França repatria mulheres e crianças de campos jihadistas na Síria pela primeira vez em dois anos
Na madrugada desta terça-feira (16), a França repatriou dez crianças e três mulheres, com idades entre 18 e 34 anos, que estavam detidas em campos de prisioneiros jihadistas no nordeste da Síria. Essa é a primeira operação do tipo desde julho de 2023.
Na madrugada desta terça-feira (16), a França repatriou dez crianças e três mulheres, com idades entre 18 e 34 anos, que estavam detidas em campos de prisioneiros jihadistas no nordeste da Síria. Essa é a primeira operação do tipo desde julho de 2023.
Segundo o Ministério Público Antiterrorista francês, duas das mulheres foram colocadas sob custódia judicial, e uma terceira, que já tinha um mandado de prisão, será apresentada a um juiz ainda hoje. As crianças estão sob responsabilidade da promotoria de Versailles, dentro de um processo de assistência educacional.
O governo francês agradeceu às autoridades locais da Síria e à administração do nordeste do país por viabilizarem a operação.
Desde 2019, a França já repatriou 179 crianças e 60 mulheres, mas essas ações haviam sido interrompidas no verão europeu de 2023 por falta de voluntários, apesar de pressões internacionais, incluindo uma condenação da Corte Europeia de Direitos Humanos em 2022.
Críticas e denúncias de arbitrariedade
A advogada Marie Dosé, que representa as mulheres repatriadas, celebrou o retorno como um "alívio imenso e indescritível" para as famílias que esperavam há mais de seis anos. No entanto, ela criticou o fato de que ainda há cerca de 110 crianças francesas detidas no campo de Roj, controlado por forças curdas.
Esses campos abrigam dezenas de milhares de pessoas de cerca de 50 nacionalidades, suspeitas de ligação com o grupo Estado Islâmico. Em junho, ainda havia cerca de 120 crianças e 50 mulheres francesas nesses locais, segundo o coletivo Famílias Unidas, que reúne parentes dos detidos.
Após o repatriamento, o coletivo voltou a denunciar nas redes sociais as condições indignas em que vivem crianças "inocentes", que continuam presas.

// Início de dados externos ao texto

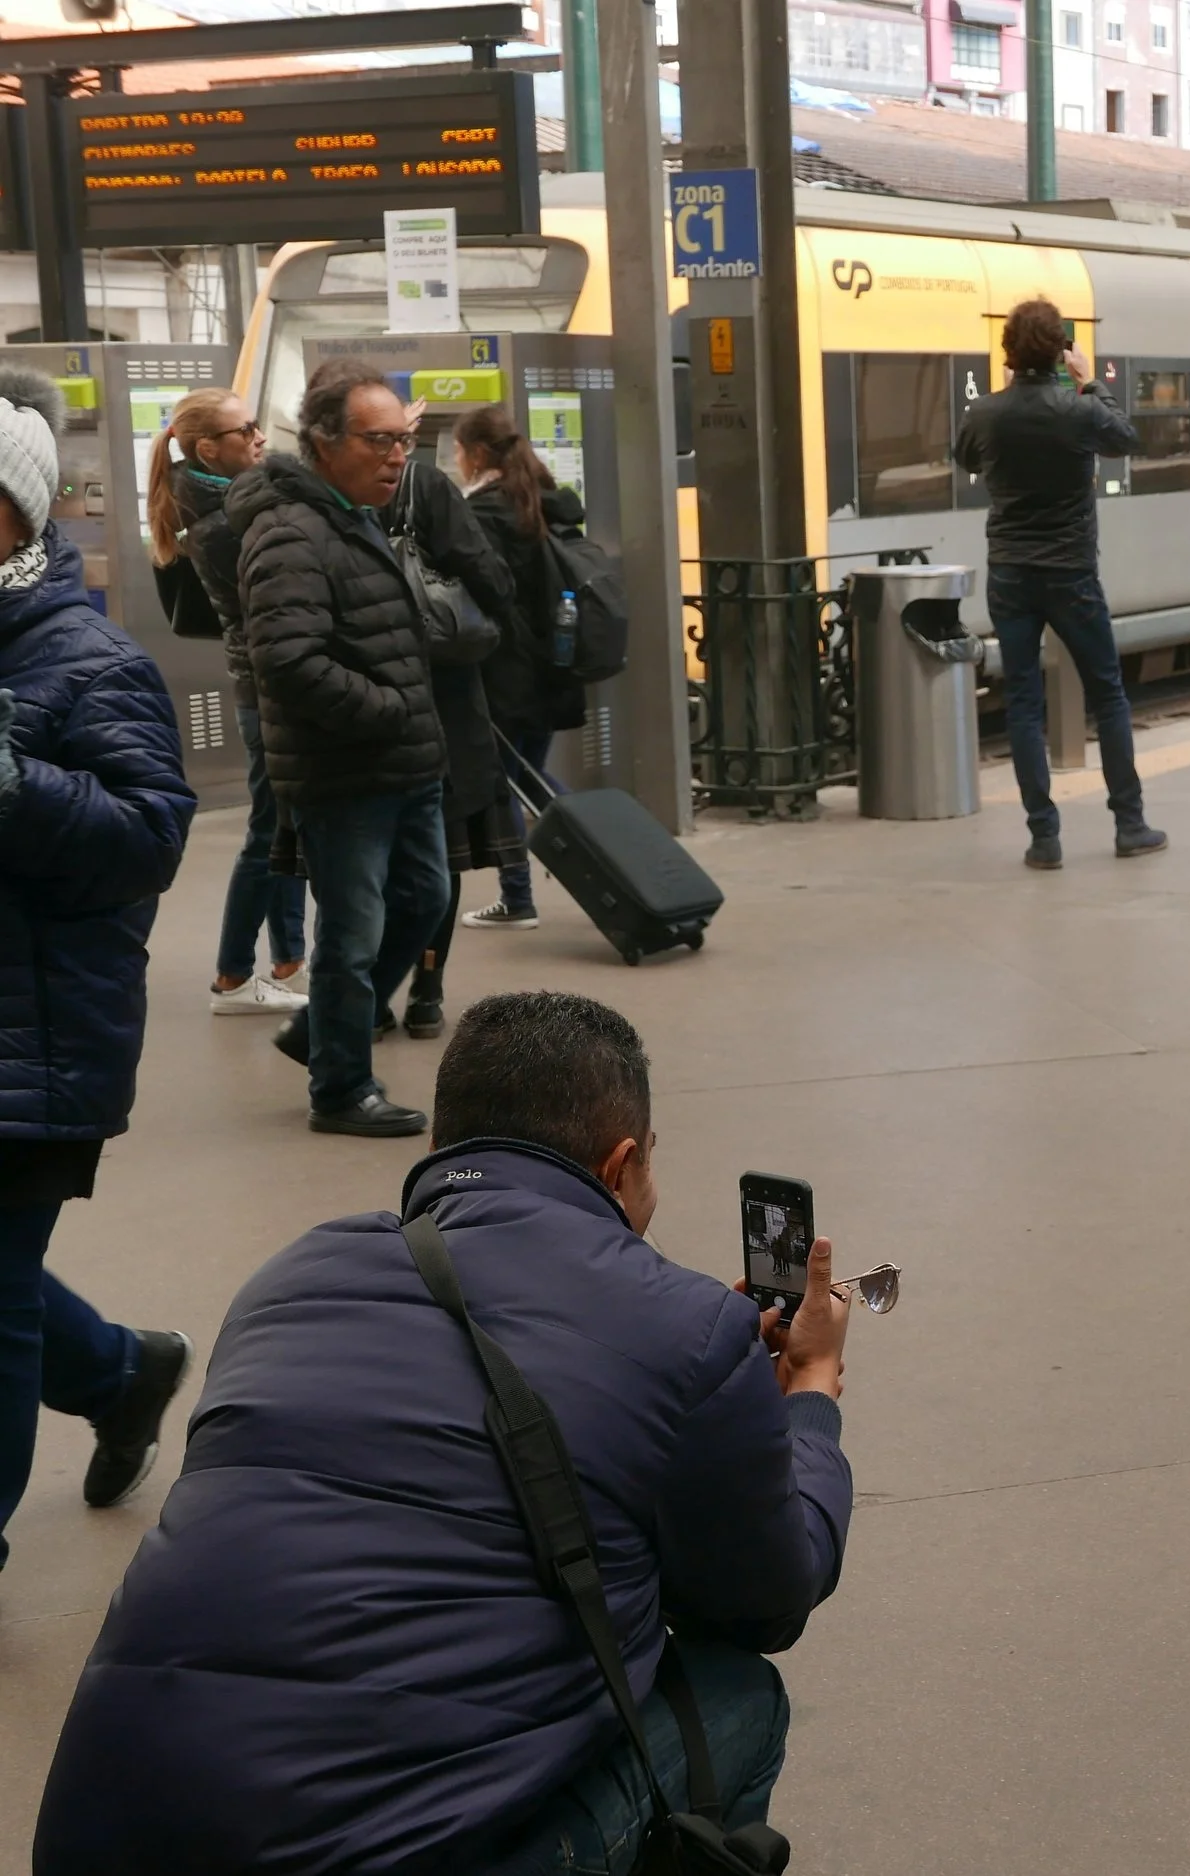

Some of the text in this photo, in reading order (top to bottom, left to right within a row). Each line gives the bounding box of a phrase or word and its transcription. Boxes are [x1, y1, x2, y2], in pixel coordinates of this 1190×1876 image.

[674, 184, 725, 204] zona
[675, 204, 725, 253] C1
[678, 256, 756, 277] andante

Marie Dosé também criticou a postura do governo francês, que antes exigia o consentimento das mães para repatriar os filhos e agora se recusa a trazê-los de volta mesmo após atingirem a maioridade. Ela acusa o Estado de punir os filhos pelas escolhas dos pais.
Além disso, ela denuncia o abandono de mulheres sem filhos ou cujos filhos morreram, e de jovens que nasceram na França, foram levados à força para a Síria e hoje estão presos em outros centros de detenção.
Pressão internacional
Matthieu Bagard, da ONG Avocats Sans Frontières France, afirmou que a operação mostra que a França tem capacidade de organizar esses repatriamentos, mas lamenta que mulheres e jovens ainda estejam "detidos ilegalmente".
Em fevereiro, a administração curda anunciou, em parceria com a ONU, que pretende esvaziar até o fim de 2025 os campos do nordeste da Síria, incluindo os que abrigam familiares de jihadistas.